Au milieu des années 1860, François Barrier essaie de réorganiser l’École sociétaire. Il reprend la tradition des banquets phalanstériens du 7 avril, interrompue depuis le début des années 1850. Foucou participe en 1865 et 1866 à cette manifestation qui commémore la naissance de Fourier, mais qui a aussi pour but de rassembler les fouriéristes dispersés et de témoigner de la renaissance du mouvement fouriériste. Son engagement en faveur de l’École sociétaire ne semble pas aller plus loin. Il ne collabore pas à La Science sociale et il ne prend pas d’action dans la société qui exploite la Librairie des sciences sociales.

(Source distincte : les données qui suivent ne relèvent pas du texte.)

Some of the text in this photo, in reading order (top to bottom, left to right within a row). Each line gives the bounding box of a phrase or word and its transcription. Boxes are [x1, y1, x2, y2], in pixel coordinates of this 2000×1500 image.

Il fait paraître en 1868 une Histoire du travail, « un des livres les plus remarquables de notre temps », selon Le Temps et le Grand Dictionnaire universel de Pierre Larousse [19]. Dans cet ouvrage, il célèbre les sciences expérimentales et l’avènement de la civilisation industrielle qui va s’emparer du globe, les entreprises industrielles devant peu à peu remplacer les entreprises militaires.

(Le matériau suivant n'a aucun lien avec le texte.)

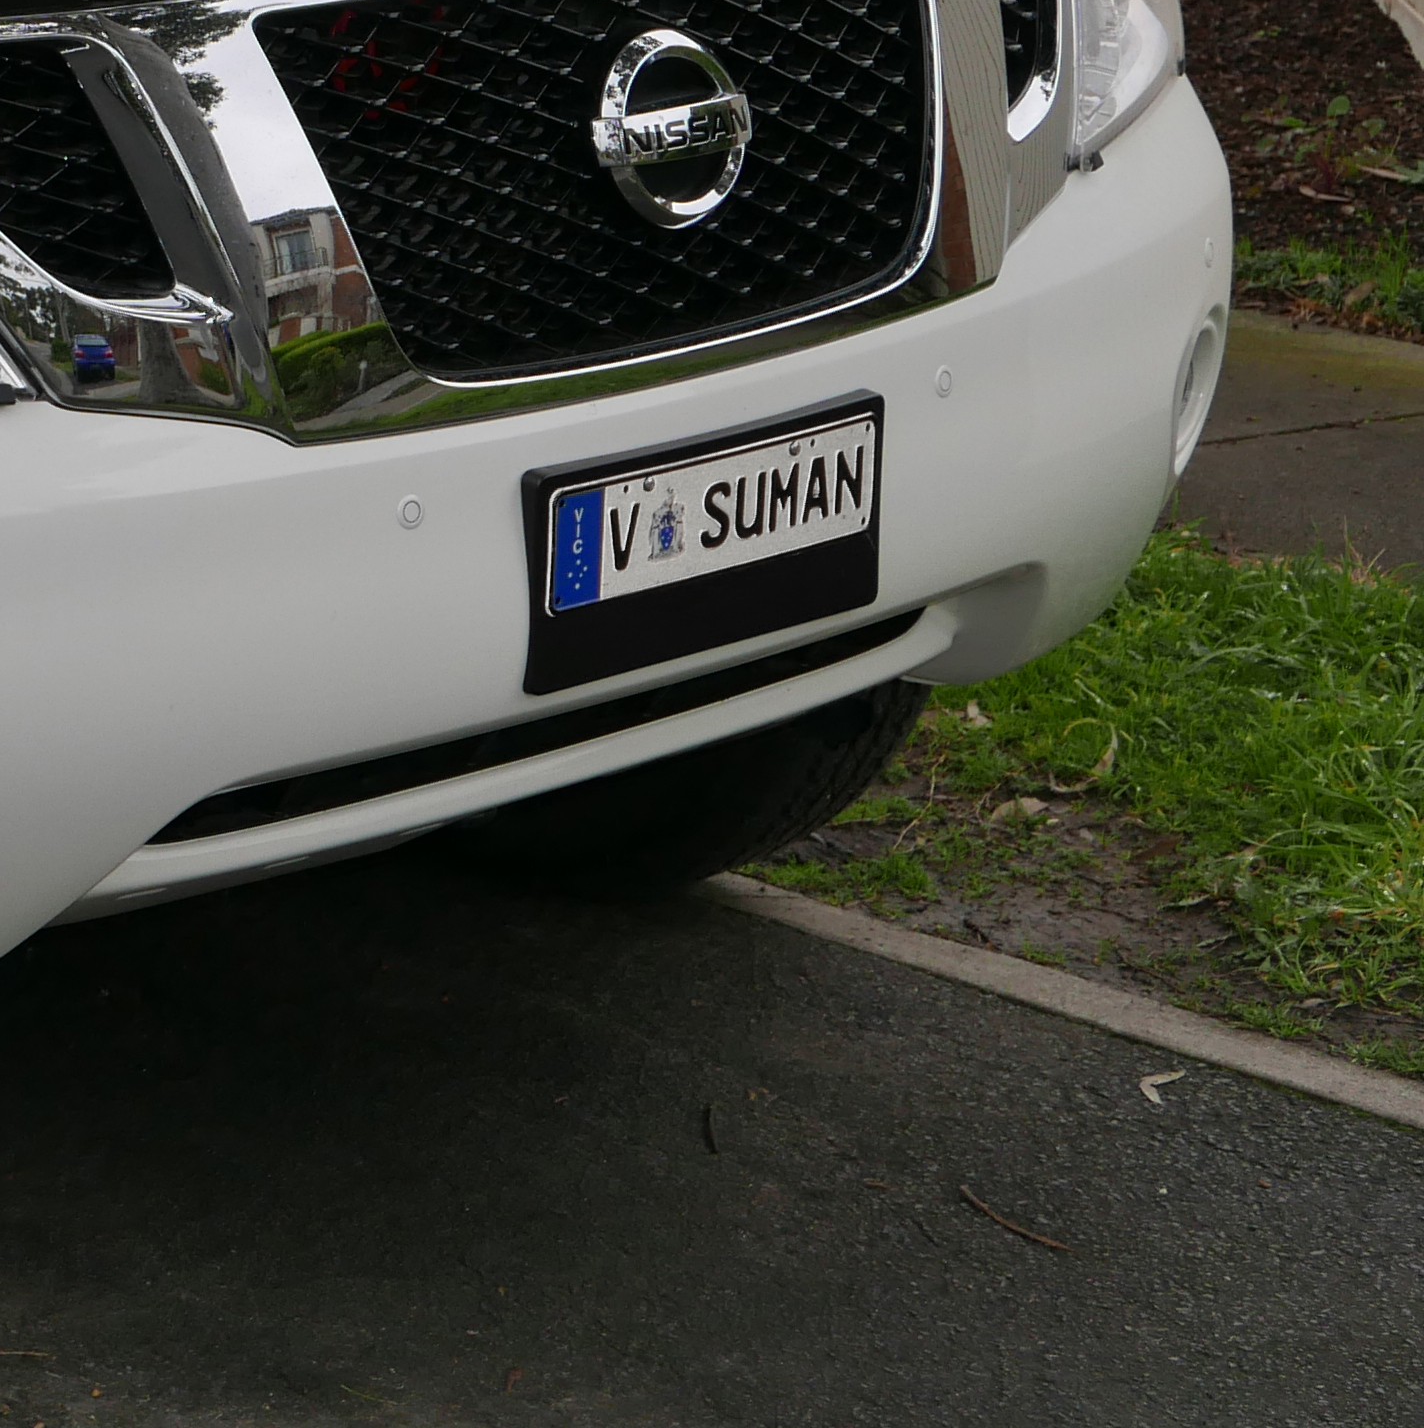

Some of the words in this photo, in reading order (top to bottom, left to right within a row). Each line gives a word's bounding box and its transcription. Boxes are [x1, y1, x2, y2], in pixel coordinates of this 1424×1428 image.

[624, 105, 748, 155] NISSAN
[573, 508, 584, 554] VIC
[609, 502, 640, 571] V
[699, 445, 865, 549] SUMAN

Dans la seconde moitié des années 1860, il s’intéresse plus particulièrement aux recherches concernant le pétrole et les « huiles minérales ». En 1865, il présente une communication à la Société des ingénieurs civils sur « le gisement de pétrole des Karpathes » [20]. Il est l’auteur de plusieurs articles dans la Revue des deux mondes sur le pétrole [21]. Avec l’appui du chimiste Sainte-Claire Deville, il est chargé de missions de recherches sur les gisements pétroliers et sur les usages du pétrole [22]. Il est très attentif à ce qui se passe aux États-Unis où il effectue plusieurs séjours ; selon plusieurs sources, il se fait naturaliser américain [23]. Il est impressionné par les potentialités de ce pays neuf. En 1866 :

je dus faire un long voyage en Amérique du Nord, où il me fut donné d’observer, sur des proportions qui m’étaient inconnues, le double travail de la Nature et de l’Homme [24].

Il y retourne en 1870 afin d’étudier les ressources et les exploitations pétrolifères. Au cours de ce voyage, il est victime « d’une maladie presque foudroyante » [25]. Il meurt « dans une maison de santé » à New York, précise le quotidien Le Temps, selon lequel « la science et la démocratie française viennent de faire une véritable perte » [26].